There has never been a better time to be alive, and that is not simply thanks to penicillin, flush toilets and central heating, it’s because now we can look down on the clouds. Clouds are utterly faithful to their promise of ethereal beauty. When I was very young, I imagined clouds to be warm and soft to the touch, because I knew they were water, and so therefore they must be steam because that’s what they looked like, and steam was warm. Perfect logic. Of course, they are not warm, but in the air-conditioned cylinder of your midweek commercial flight, they fulfil their old promise because they are awash with sunlight – no matter the daytime weather beneath, the cloud tops must be exposed to the sun, that is their guarantee, that is their tiny miracle.

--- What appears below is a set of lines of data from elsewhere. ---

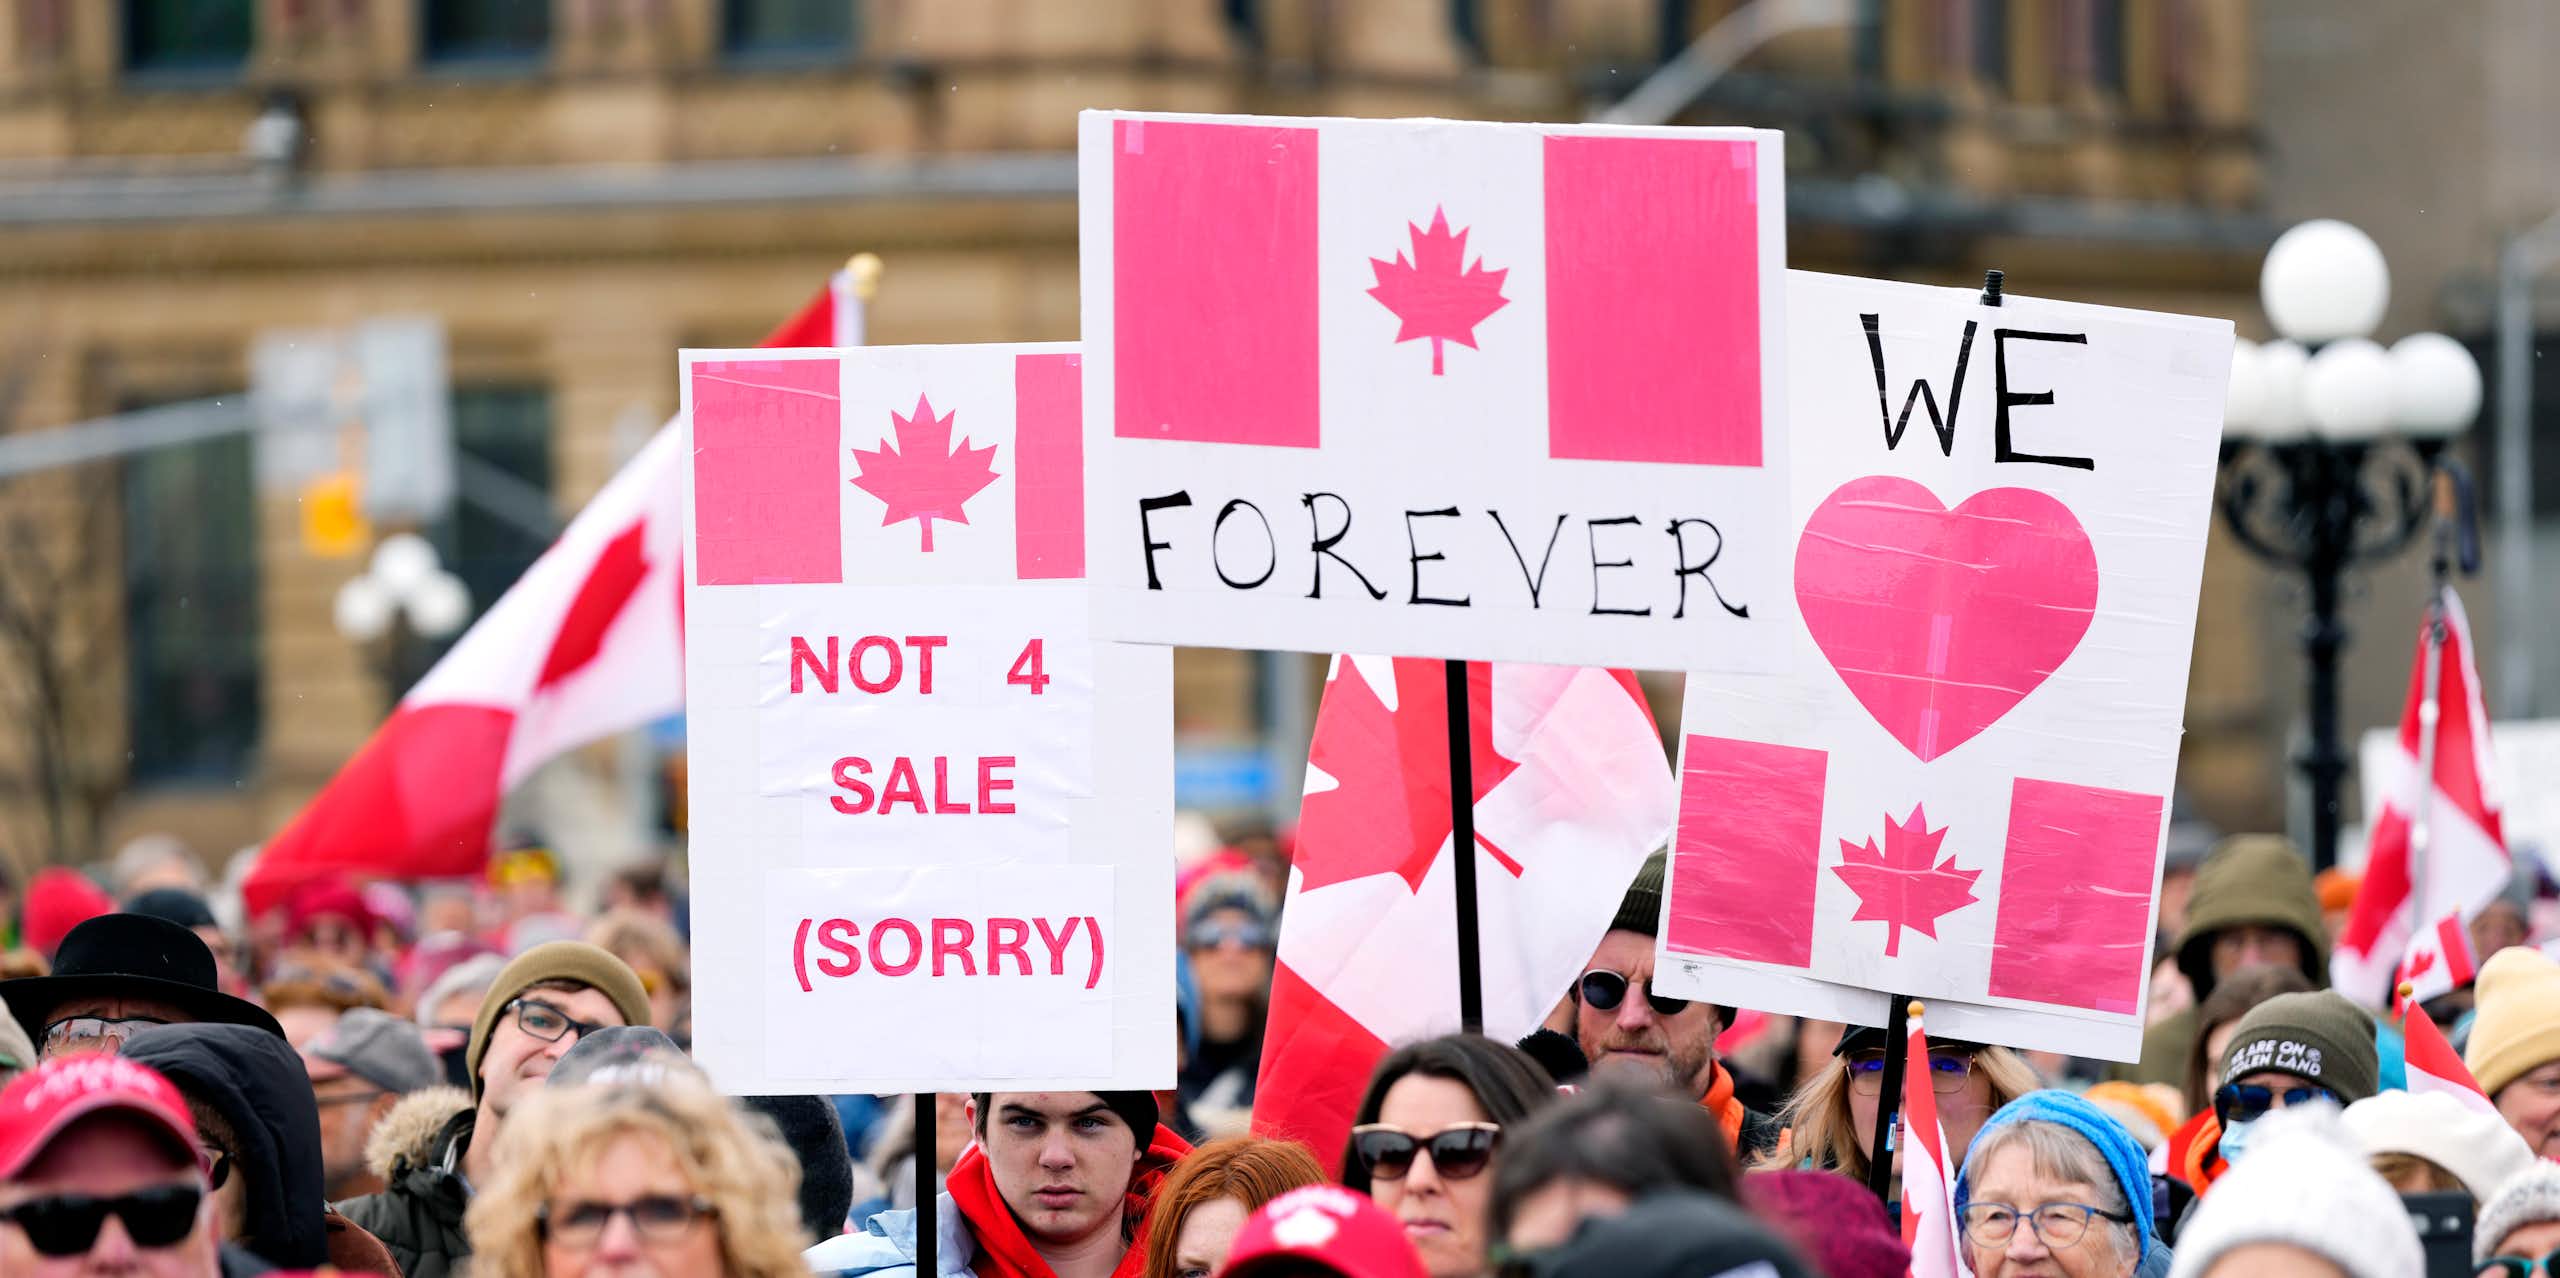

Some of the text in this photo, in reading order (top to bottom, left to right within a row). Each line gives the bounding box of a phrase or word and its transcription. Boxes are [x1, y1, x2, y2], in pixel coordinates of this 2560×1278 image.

[1860, 313, 2094, 471] WE
[1139, 490, 1749, 619] FOREVER
[790, 635, 1051, 695] NOT 4
[830, 755, 1017, 815] SALE
[793, 916, 1105, 993] (SORRY)
[2247, 1040, 2277, 1056] ARE
[2279, 1041, 2306, 1057] ON
[2275, 1054, 2321, 1077] LAND

Renaissance artists must have felt this love of clouds, and appreciation of their natural splendour, and having always felt separated from their true glory were moved to populate them with putti and seraphim; so perfect was their approximation of the wonderfulness of being above cloud level that to be there now is to expect these heavenly denizens to be there with you. But they are not. You are alone above a landscape that is forever changing, forever unique, forever special for you; rolling cirrus meadows and boiling mountaintops across unfathomed distance. You are an explorer and this is your new-found land.
But with all this beauty and isolation there is also an obligation – you must return, you must descend, back to the imperfect.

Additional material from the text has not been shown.